Data items
↓↓↓

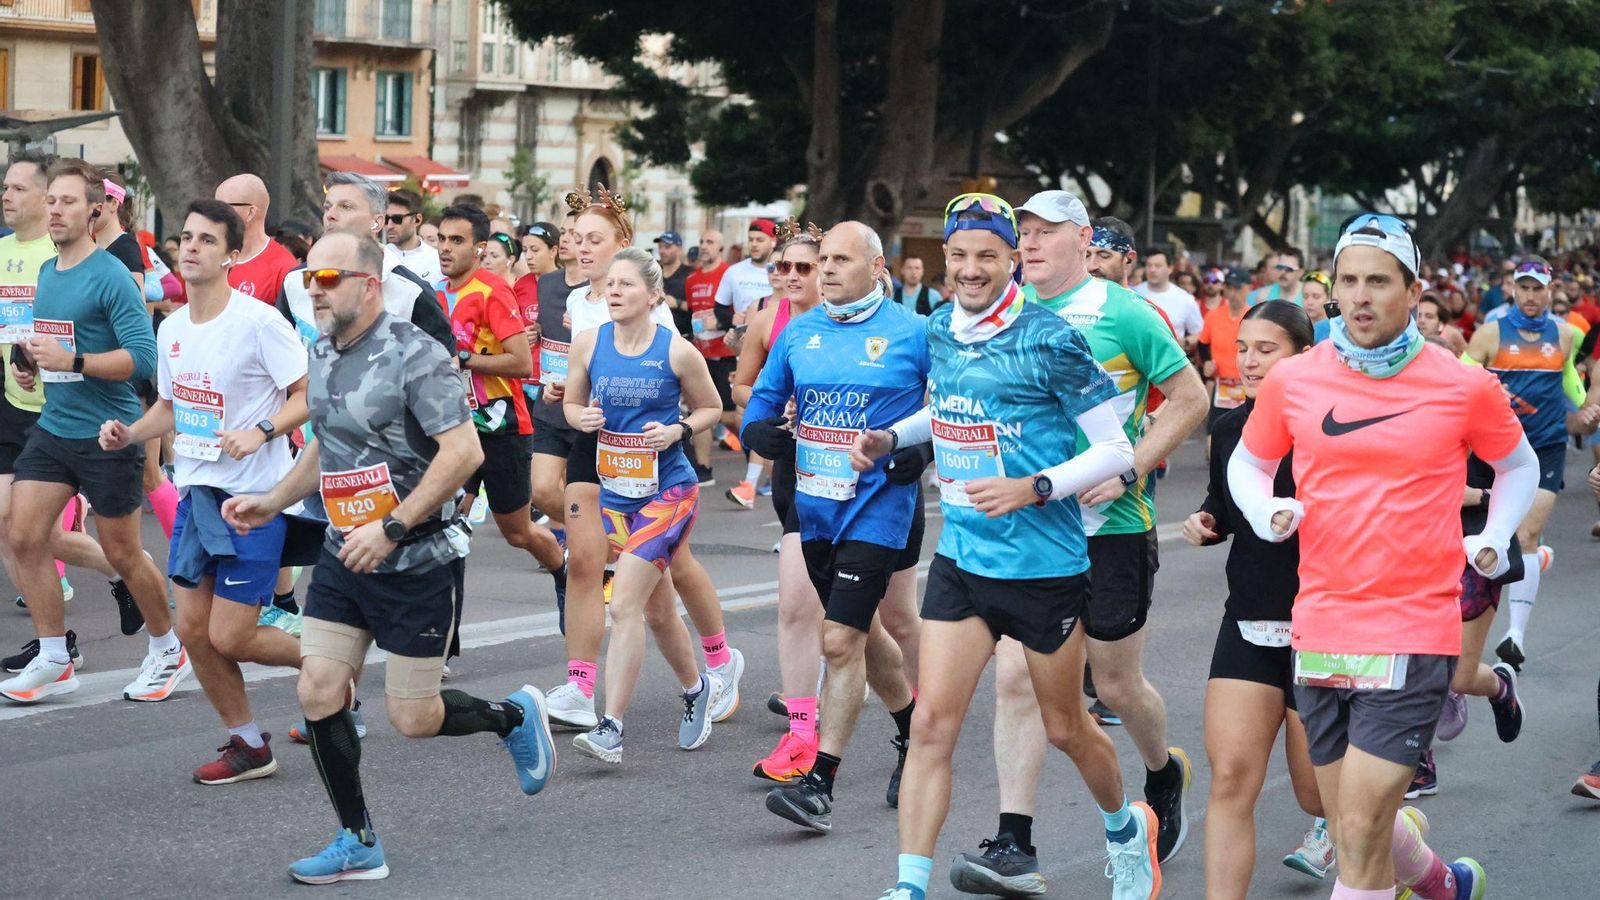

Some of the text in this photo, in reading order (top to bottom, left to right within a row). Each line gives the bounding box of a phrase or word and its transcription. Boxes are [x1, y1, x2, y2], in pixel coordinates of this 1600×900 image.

[40, 323, 69, 334] GENERALI
[610, 376, 664, 389] BENTLEY
[179, 386, 219, 405] GENERALI
[606, 387, 659, 399] RUNNING
[804, 388, 870, 408] ORO DE
[610, 397, 642, 407] CLUB
[939, 394, 985, 417] MEDIA
[175, 408, 208, 427] 17803
[807, 430, 854, 443] GENERALI
[940, 425, 989, 440] GENERALI
[608, 436, 649, 447] GENERAL
[606, 454, 642, 470] 14380
[804, 450, 841, 468] 12766
[940, 451, 980, 470] 16007
[332, 470, 382, 488] GENERALI
[336, 497, 375, 516] 7420
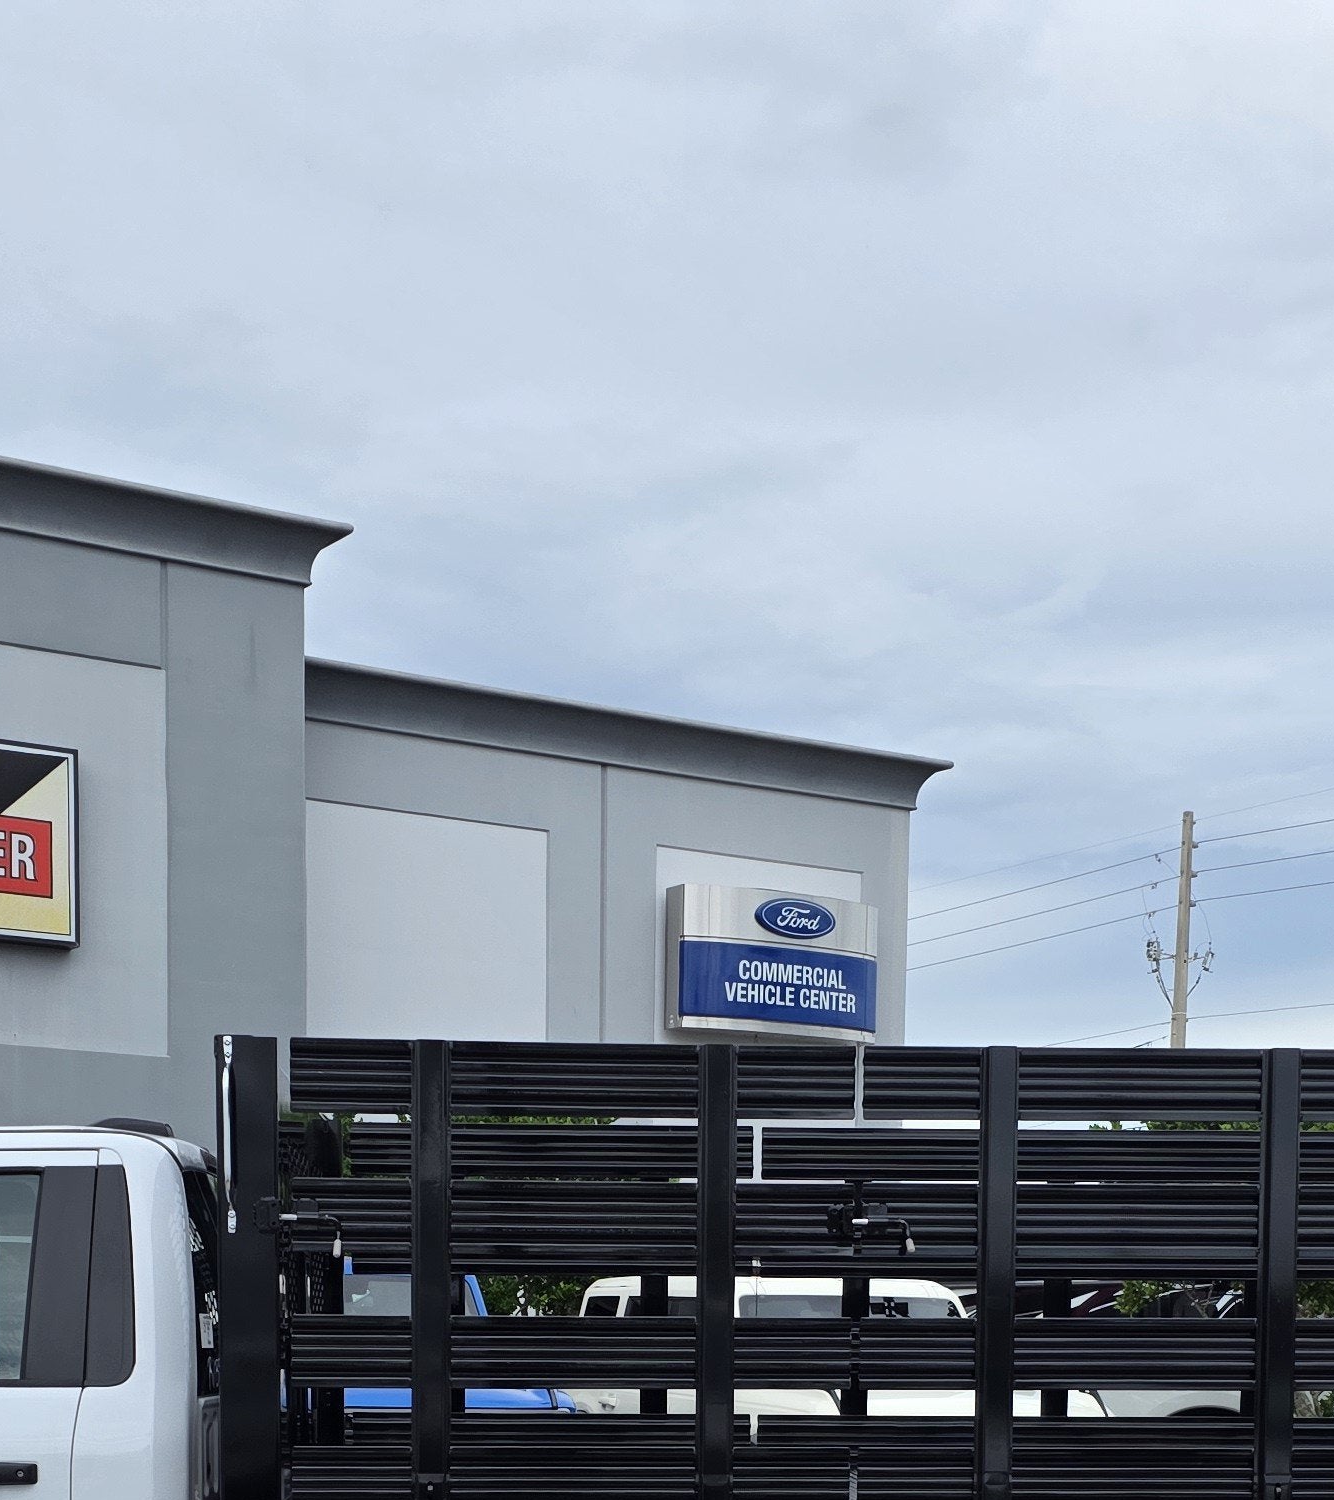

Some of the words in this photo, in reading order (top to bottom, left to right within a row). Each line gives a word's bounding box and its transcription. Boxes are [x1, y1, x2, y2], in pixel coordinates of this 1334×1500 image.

↑↑↑

◆ Exercise description:
Each entry must be set down word for word; no image may be carried over.

◆ Exercise output:
Some of the text in this photo, in reading order (top to bottom, left to right within a row). Each line gives the bounding box of a phrase or word and its transcription. Boxes are [x1, y1, x2, y2], in pixel coordinates of this 1600×900 image.

[40, 323, 69, 334] GENERALI
[610, 376, 664, 389] BENTLEY
[179, 386, 219, 405] GENERALI
[606, 387, 659, 399] RUNNING
[804, 388, 870, 408] ORO DE
[610, 397, 642, 407] CLUB
[939, 394, 985, 417] MEDIA
[175, 408, 208, 427] 17803
[807, 430, 854, 443] GENERALI
[940, 425, 989, 440] GENERALI
[608, 436, 649, 447] GENERAL
[606, 454, 642, 470] 14380
[804, 450, 841, 468] 12766
[940, 451, 980, 470] 16007
[332, 470, 382, 488] GENERALI
[336, 497, 375, 516] 7420

Some of the words in this photo, in reading order (top to bottom, left to right within a row). Each line gives a word's bounding box and its transcription. Boxes are [x1, y1, x2, y2], in pixel coordinates of this 1334×1500 image.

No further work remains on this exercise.